Example: \(f_1 = \min(f,g)\) and \(f_2 = (f - g)_+\). If we can sample from \(g\) and \(f_2\), the method applies.

MCMC-Enhanced Exact Sampling

Suppose we can find an envelope for the rejection method but \(c\) is large. This would lead to an unhappily large number of rejections on average. But we can still get exact sampling by applying the rejection method once to get an \(X_0\) and then running an MCMC from that starting point, which would by definition be in its equilibrium distribution!

See Devroye’s book *Non-Uniform Random Variate Generation* for all
the gritty details.

### Good general purpose PRNGs for Monte Carlo simulations: #

Mersenne Twister (and refinement SIMD-oriented Fast Mersenne Twister)

Long period, generally fast, potential zero states early

WELL (Well equidistributed long-period linear)

Xorshift (better with nonlinear step, e.g., xorshift+ and xorshift*)

## Markov Chain Monte Carlo (MCMC) #

### A Brief Review/Overview of Markov Chains #

#### Definitions #

*Heuristic Definition 1*. A stochastic process has the **Markov property**
if the future of the process is conditionally independent
of the past given the present state.

*Heuristic Definition 2*. A **Markov chain** is a stochastic process
\(X = (X_n)_{n \ge 0}\) with the Markov property.

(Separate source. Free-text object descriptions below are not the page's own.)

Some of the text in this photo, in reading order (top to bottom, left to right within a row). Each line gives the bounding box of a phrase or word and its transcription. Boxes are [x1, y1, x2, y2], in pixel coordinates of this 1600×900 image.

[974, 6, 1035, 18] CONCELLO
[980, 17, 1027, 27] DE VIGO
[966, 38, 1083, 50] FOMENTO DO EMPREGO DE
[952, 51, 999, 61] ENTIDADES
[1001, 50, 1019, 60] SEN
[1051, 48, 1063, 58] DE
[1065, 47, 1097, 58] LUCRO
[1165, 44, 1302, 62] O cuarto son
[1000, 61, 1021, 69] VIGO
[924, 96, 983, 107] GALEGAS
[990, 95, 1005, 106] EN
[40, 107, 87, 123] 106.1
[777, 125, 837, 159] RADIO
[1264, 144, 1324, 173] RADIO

We assume that
the \(X_n\) have values in some common space \(\cS\), which is
called the **state space** of the chain.

Today, we will put a little meat on the bones of these heuristic definitions, but we will still skirt all the technical details.

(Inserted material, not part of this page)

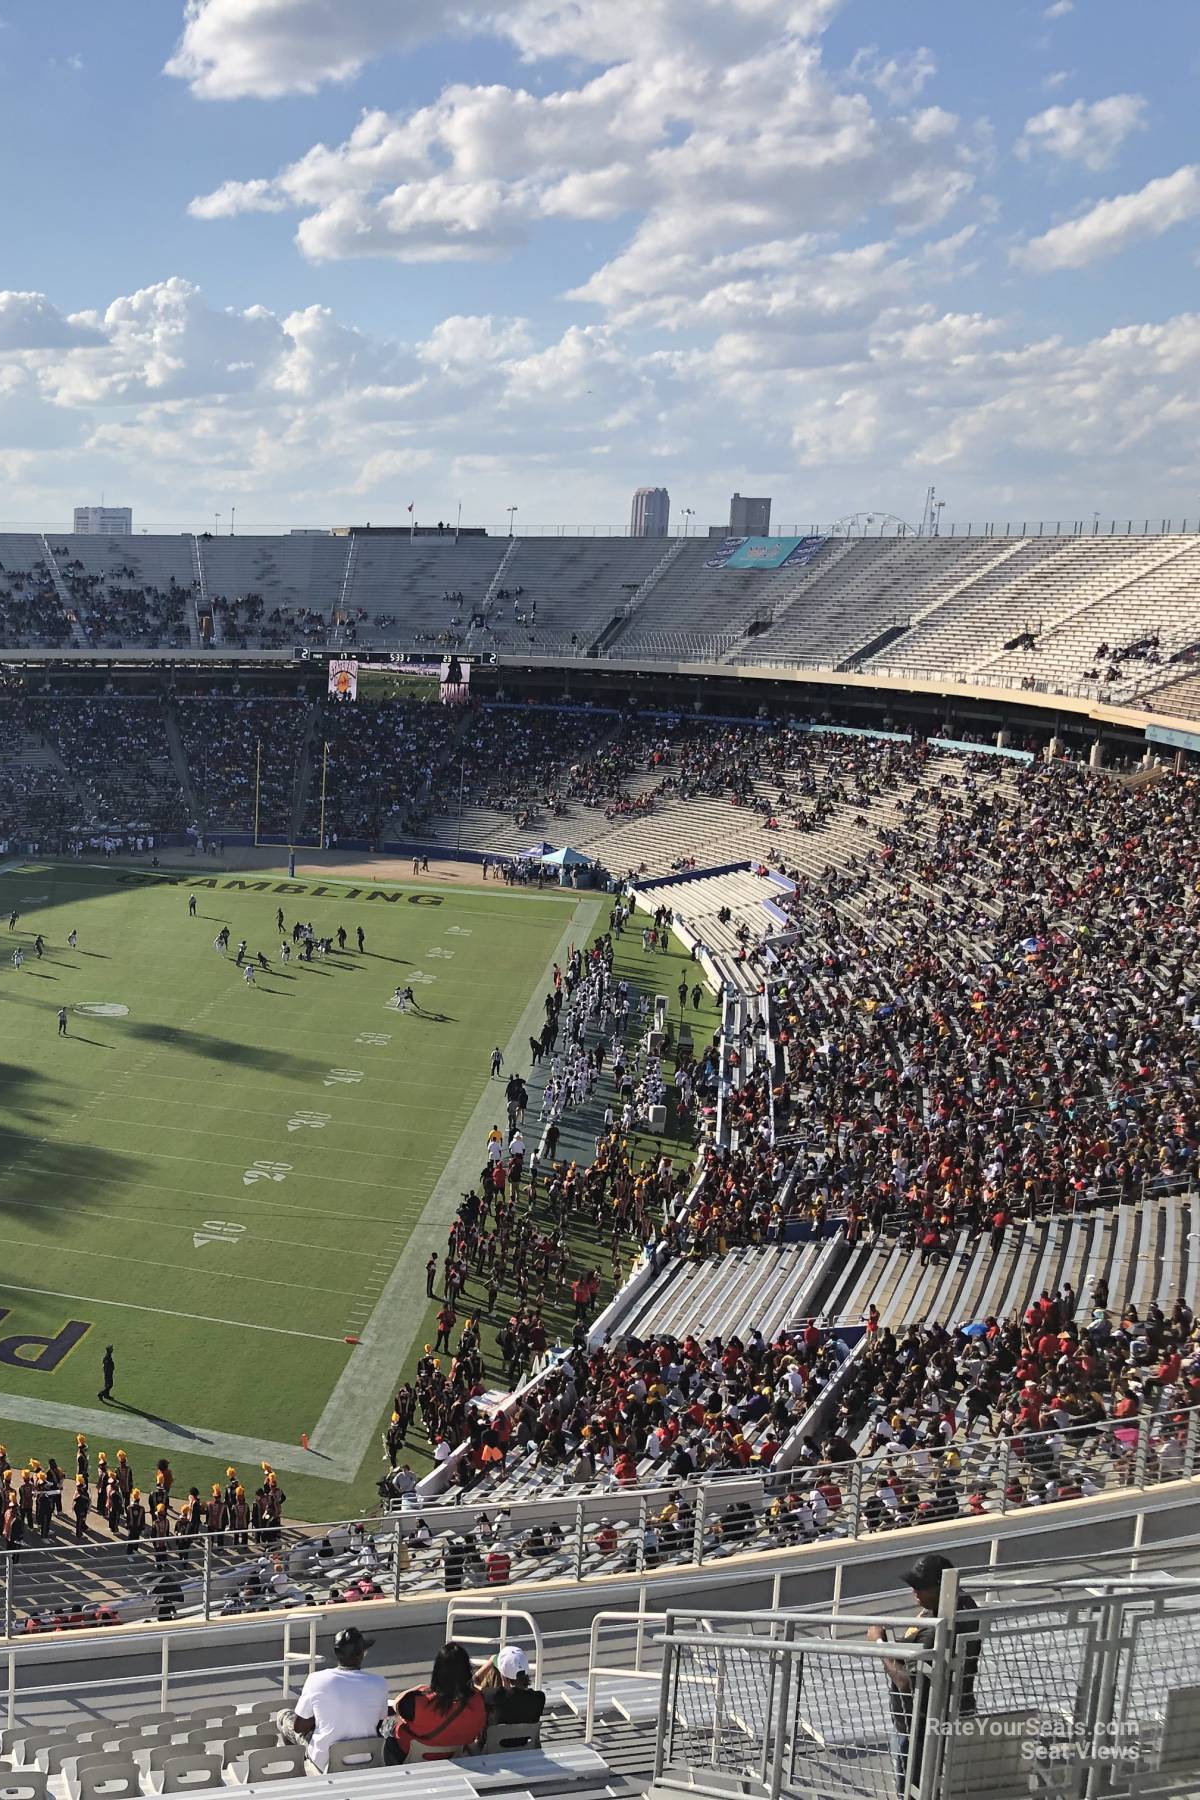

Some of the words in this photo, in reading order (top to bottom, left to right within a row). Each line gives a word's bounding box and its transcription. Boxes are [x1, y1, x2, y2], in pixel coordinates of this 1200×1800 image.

[115, 874, 446, 906] GRAMBLING
[244, 1160, 294, 1182] 20
[192, 1220, 247, 1245] 10

To describe a Markov chain, we need to specify

- The state space \(\cS\).
- The
**initial distribution,**which is just the probability distribution of the initial state \(X_0\). - The probabilities with which a chain makes transitions from state
to state. This is most generally given by the
**transition kernel**, which in some cases can be represented by a matrix

For a state \(x\in\cS\) and a suitable set of states \(A \subset \cS\),
we define the **transition kernel** \(P(x,A)\) to be the conditional
probability of the process moving into \(A\) given that it starts at
\(s\). When \(A\) is a singleton set, like \(A = \{y\}\), we write
\(P(x,y)\) for \(P(x,\{y\})\).

A Markov chain is **time-homogeneous** if the transition kernel does not
change over time as the process evolves.

A time-homogeneous, countable-state Markov Chain with initial distribution \(\mu\) and transition Suppose \(X = (X_n)_{n \ge 0}\) is a time-homogeneous Markov chain with a countable state space. If \(X\) has initial distribution \(\mu\) and transition kernel \(P\), then \[ \P{X_0 = s_0, \ldots, X_n = s_n } = \mu(s_0) P(s_0,s_1) \cdots P(s_{n-1},s_n). \] This can generalized directly to uncountable state spaces.

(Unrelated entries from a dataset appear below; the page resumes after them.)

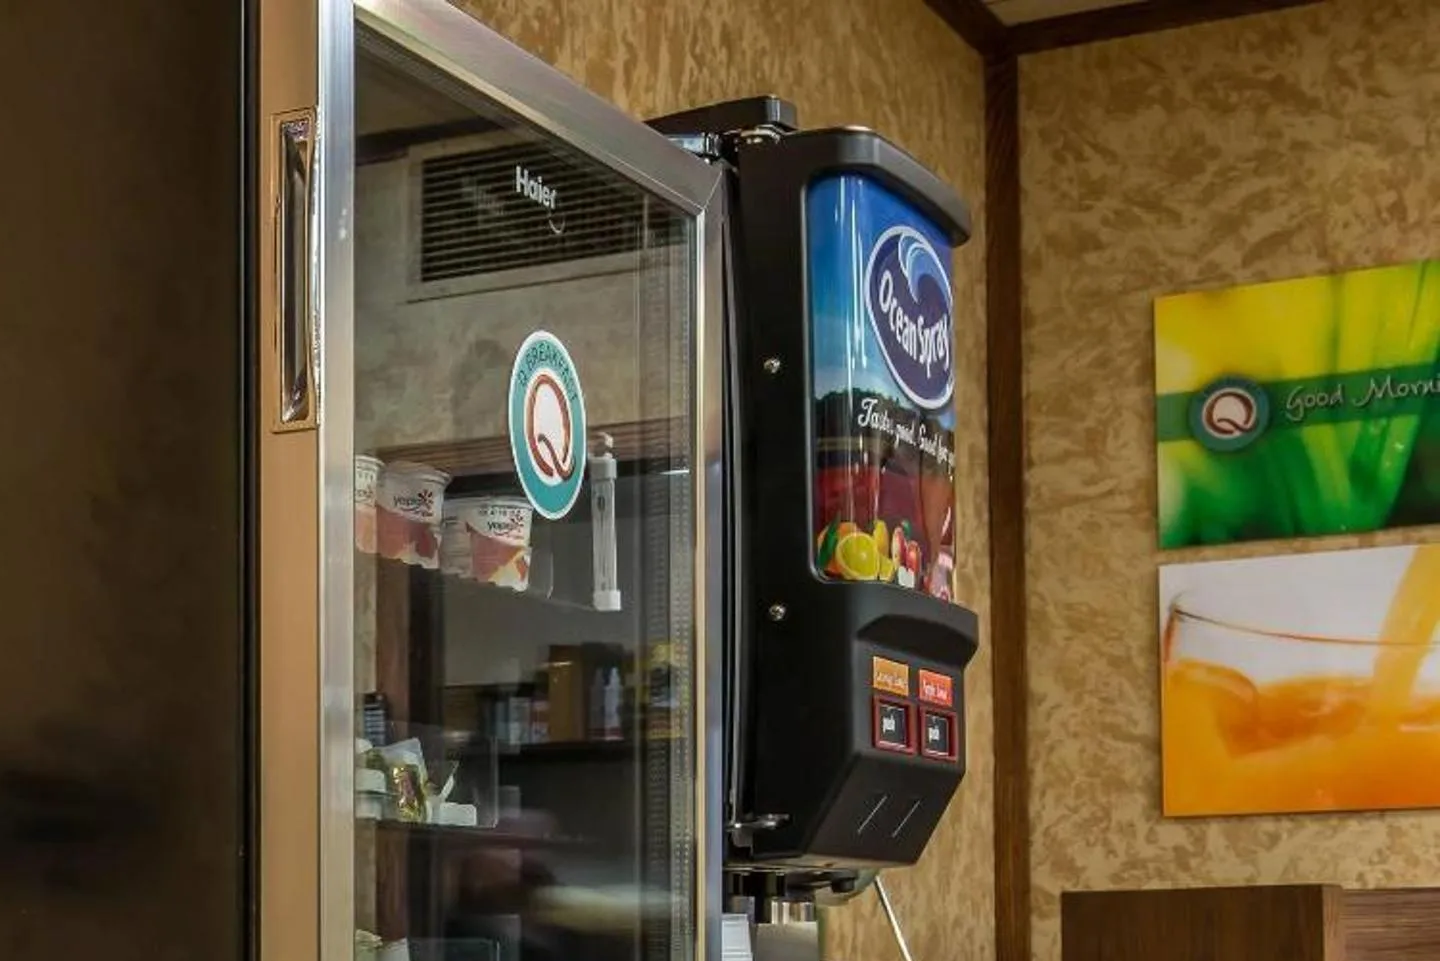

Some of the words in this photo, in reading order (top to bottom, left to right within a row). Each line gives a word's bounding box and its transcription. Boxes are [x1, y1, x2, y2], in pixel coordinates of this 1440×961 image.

[515, 165, 557, 210] Haier
[879, 269, 917, 361] Ocean
[917, 313, 949, 379] Spray
[1205, 390, 1257, 435] Q
[1284, 384, 1344, 422] Good

The definition above embodies the Markov property, which can also be given in conditional form as \[ \P_\mu{X_{n} = s_n \given X_{n-1} = s_{n-1}, \ldots, X_0 = s_0 } = P(s_{n-1},s_n) \]

#### The Punchline #

We are primarily interested in Markov chains that satisfy some specific
properties for which it is said to be **ergodic**.

Under slightly stronger conditions, a Markov chain is **reversible**: it looks
probabilistically the same in forward and reverse time.
Such a chain satisfies *detailed balance*:
\[ \pi(s) P(s,s’) = \pi(s’) P(s’, s). \]
That is, the rate of flow between any two states is the same in both directions.

An ergodic chain has a stationary and limiting distribution \(\pi\). If we start the chain with that distribution it stays in that distribution. For any other initial distribution, the probability of finding the chain in that state converges to that given by \(\pi\).

So, if we run the chain long enough, the random variables \(X_n\) start
to look more and more like *independent samples from \(\pi\)*.

**Markov Chain Monte Carlo (MCMC)** is about constructing reversible, ergodic
Markov chains whose limiting distributions we want to simulate.
The key to the methods is that we can do this while only being able
to compute the limiting distribution *up to an unknown constant*.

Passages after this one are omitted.